I. Micro-phenomenal: This is clock time. Physics. Looking at the development of time keeping, we can see that early devices exploited natural processes which were either continuous and invariant, such as the flow of water or sand into a container, or which cycled reliably, such as a shadow on a sundial. Mechanical clocks offered a marriage of the two, whereby an underlying linear or oscillating effect such as an unwinding spring’s tension or a pendulum’s swing would advance the teeth of a system of gears, one by one.

Each tick/tock is an precisely measured event which is, as much as possible, uniform and generic. As technology has improved, we have refined the clock to a pinnacle of pure abstraction. Both the indivisible and divisible power of nature has been abstracted electronically. A perpetual electrical current drives generic switches to compute a digitally coded readout. Satellite networks deliver synchronized atomic time. Each microsecond like the last, and even though global adjustments to clock or calendar can be made arbitrarily by central authorities, we feel that this kind of time is the ‘real time’.

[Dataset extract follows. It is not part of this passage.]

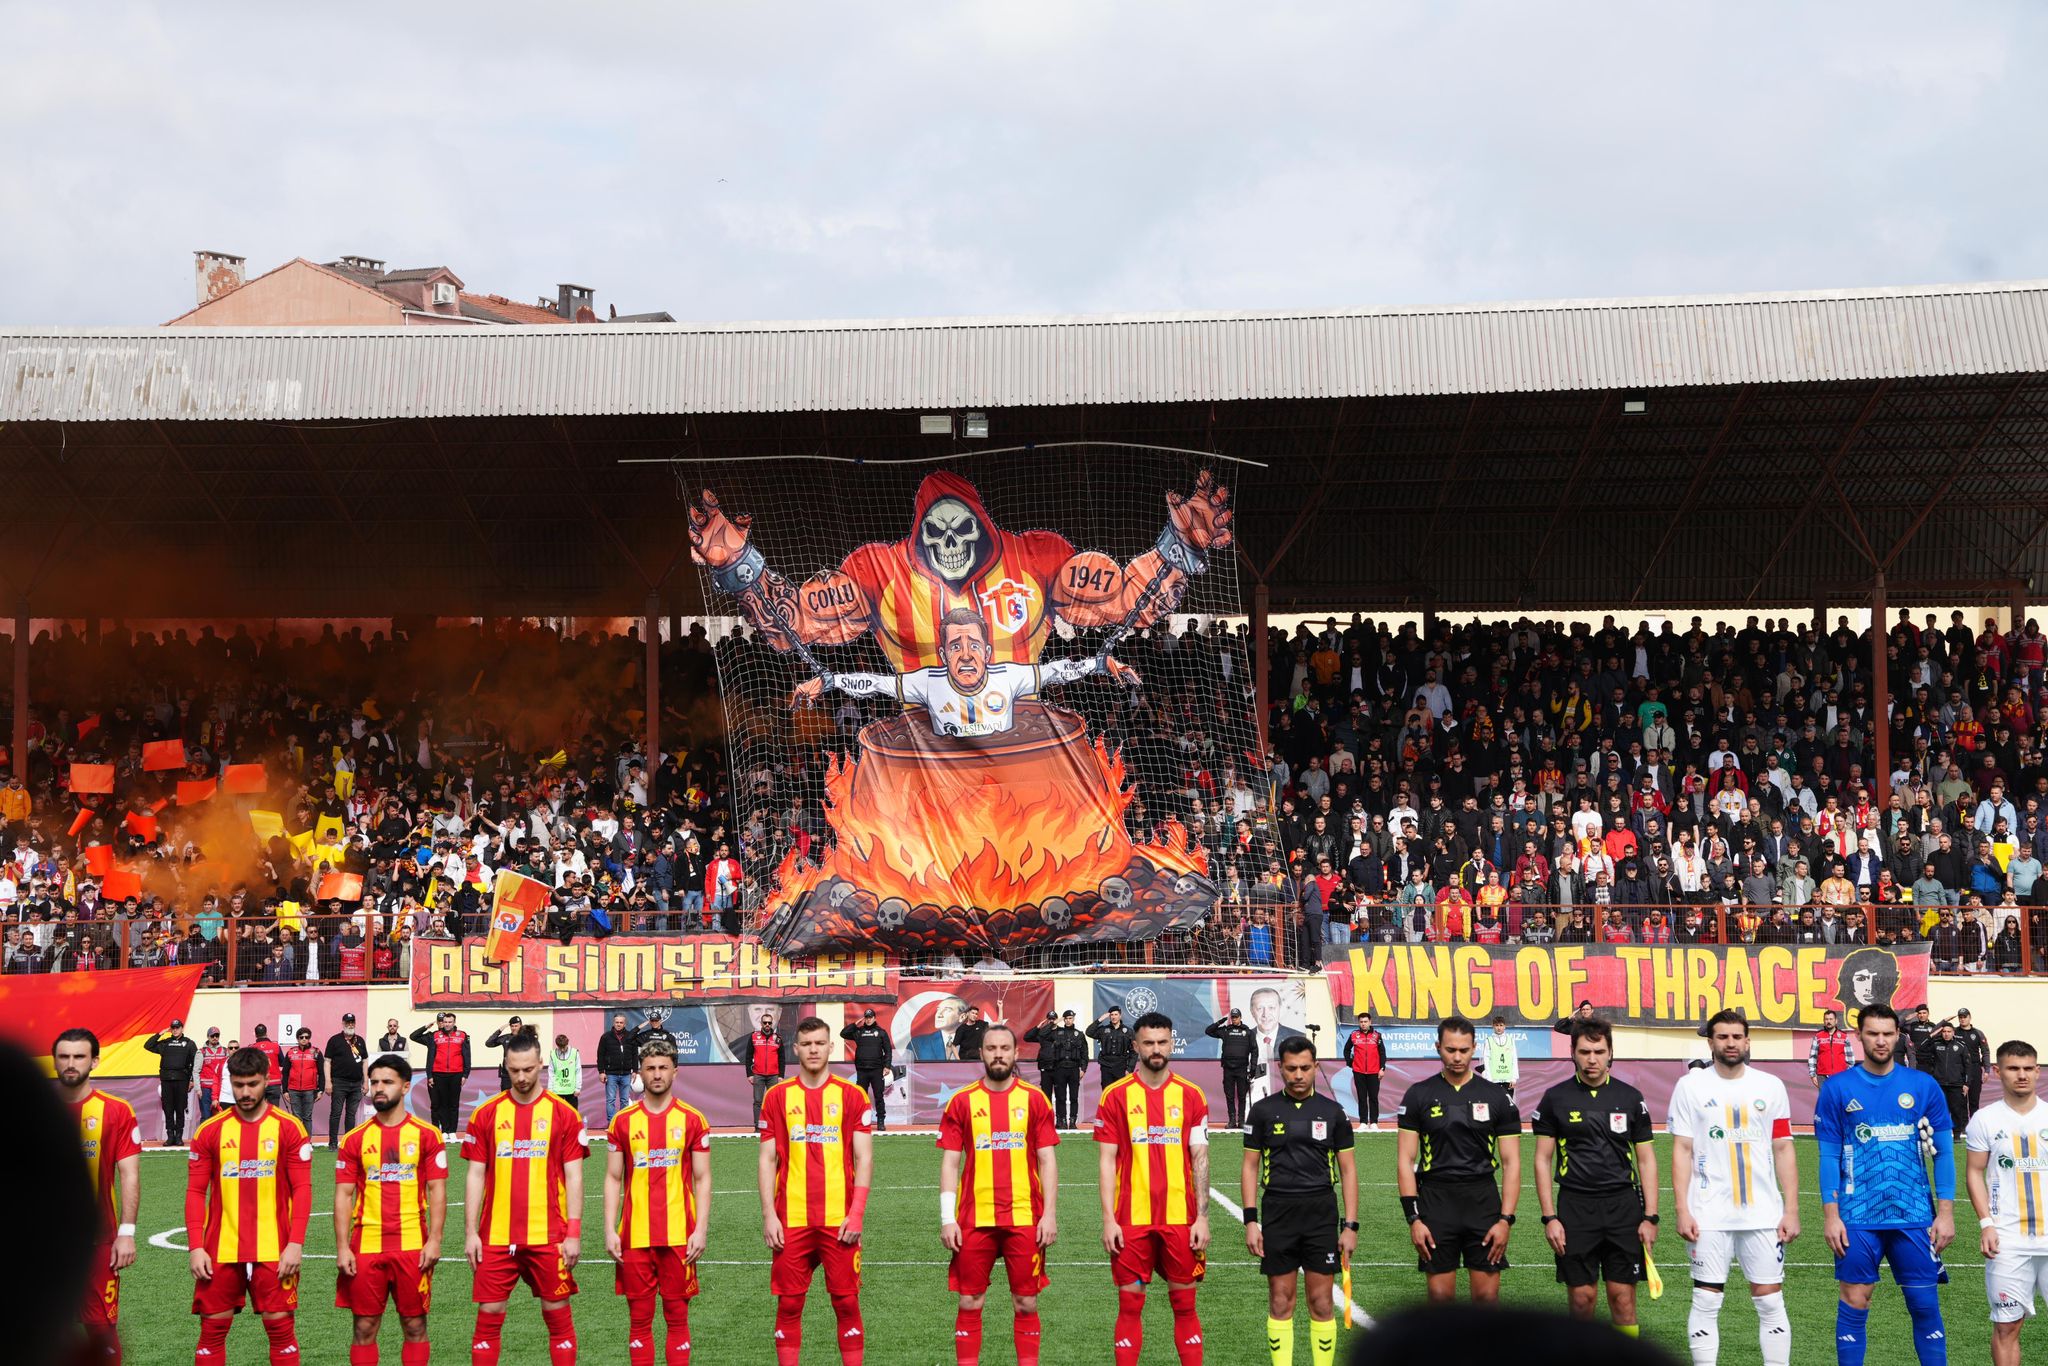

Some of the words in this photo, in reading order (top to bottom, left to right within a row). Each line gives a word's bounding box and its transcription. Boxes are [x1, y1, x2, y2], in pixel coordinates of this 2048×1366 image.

II. Phenomenal Time: This is natural time. Idioms like ‘time flies when you’re having fun’ or ‘it was the longest night of my life’ reflect that our ordinary sense of time also dilates and contracts through emotional states. Significant events and experiences seem to stand out in our autobiographical memory as not only more timely, but more timeless as well. We claim them, intentionally or unintentionally, as our own. This kind of time is narrative. “I woke up, I ate breakfast, I went to the store”, etc.. There is a story which has a shape – beginnings, middles and ends. It is not just generic oscillation or monotonous duration or arrow of increasing entropy, but a proprietary sequence of participation. This is the kind of time that we might say ‘seems like’ it is real.

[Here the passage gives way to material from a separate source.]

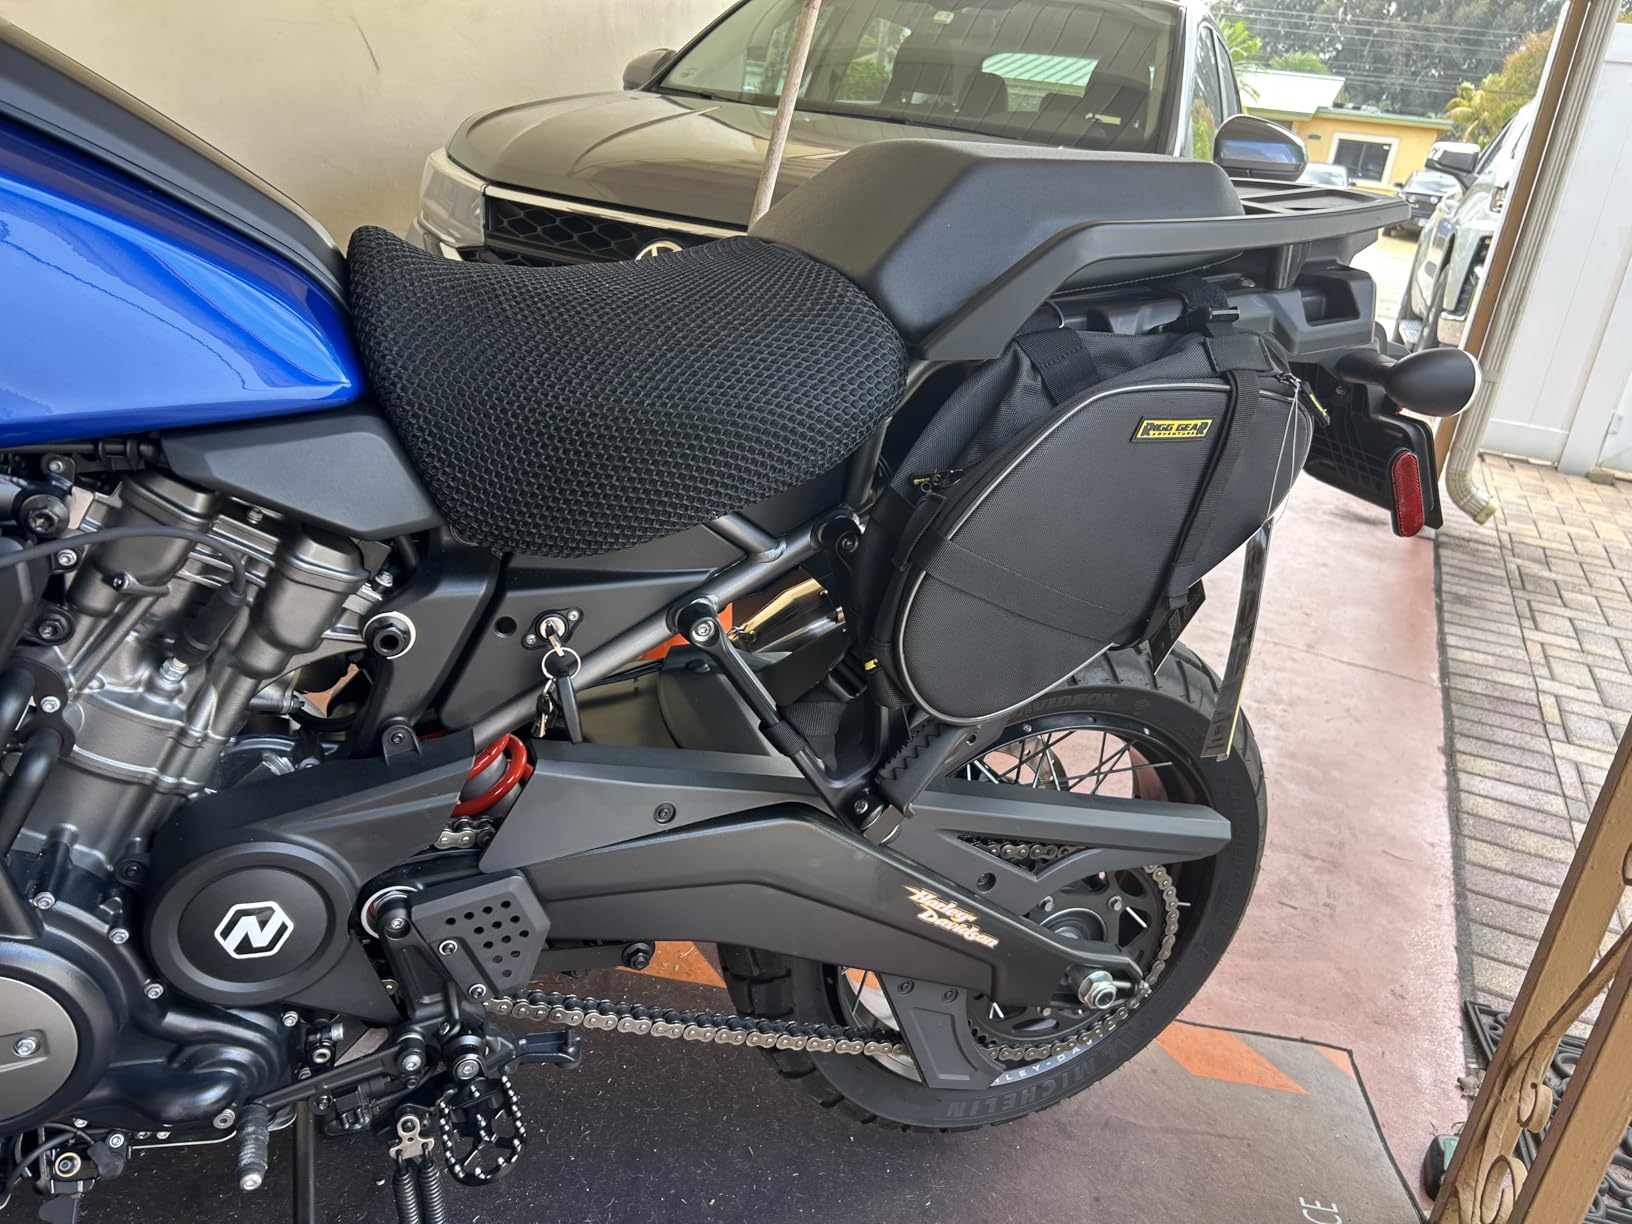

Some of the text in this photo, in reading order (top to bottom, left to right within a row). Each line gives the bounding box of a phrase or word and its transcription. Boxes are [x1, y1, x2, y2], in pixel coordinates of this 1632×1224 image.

[1140, 421, 1209, 436] RIGG GEAR
[945, 1058, 1096, 1119] MICHELIN

If you think of how a story works, the more of the story is told, the more the information entropy decreases. By the middle of the story, we know the characters, the setting, the plot, etc. The number of possible ways the story can continue is relatively limited (even if it is still potentially unlimited in an absolute sense). The significance, however, of the remaining bit of the story is increasingly augmented. If the story is good, you want to hear the end of it, even if you are pretty sure that you know how it will turn out.

After the story ends, it would seem that there is no entropy left. The story has been told in its entirety. In reality, however, the meta-story has just begun. The memory of it survives, creating new opportunities to be applied figuratively in one’s life, as well as sharing it socially and seeing it retold, dramatized, and celebrated in culture as myth.

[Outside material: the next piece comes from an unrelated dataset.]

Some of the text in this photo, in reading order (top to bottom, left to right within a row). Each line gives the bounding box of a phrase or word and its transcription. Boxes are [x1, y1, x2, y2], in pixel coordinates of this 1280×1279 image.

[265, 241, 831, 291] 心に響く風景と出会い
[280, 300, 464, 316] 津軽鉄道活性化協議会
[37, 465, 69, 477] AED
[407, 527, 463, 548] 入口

III. Metaphenomenal Time: Carl Jung famously wrote about the Collective Unconscious, and synchronicity. Experiences which some consider delusional or paranormal. Meaningful coincidences, prophetic dreams, a symbolic language of recurring characters and sagas called archetypes. This is eternal time. Time wound around itself in such a way that some essential, iconic reduction of all that has happened or might happen is in some sense ‘always still here’ and in another sense ‘never really anywhere’.

This is not mystical babbling to me, it is literally the physical reality of what the universe is and what (or who) it does. We have no trouble thinking of eternity in the Platonic sense, as ideal geometric forms or mathematical relations, but because we ourselves are immersed in human phenomena we do not see ourselves as being composed of similarly eternal recurrences.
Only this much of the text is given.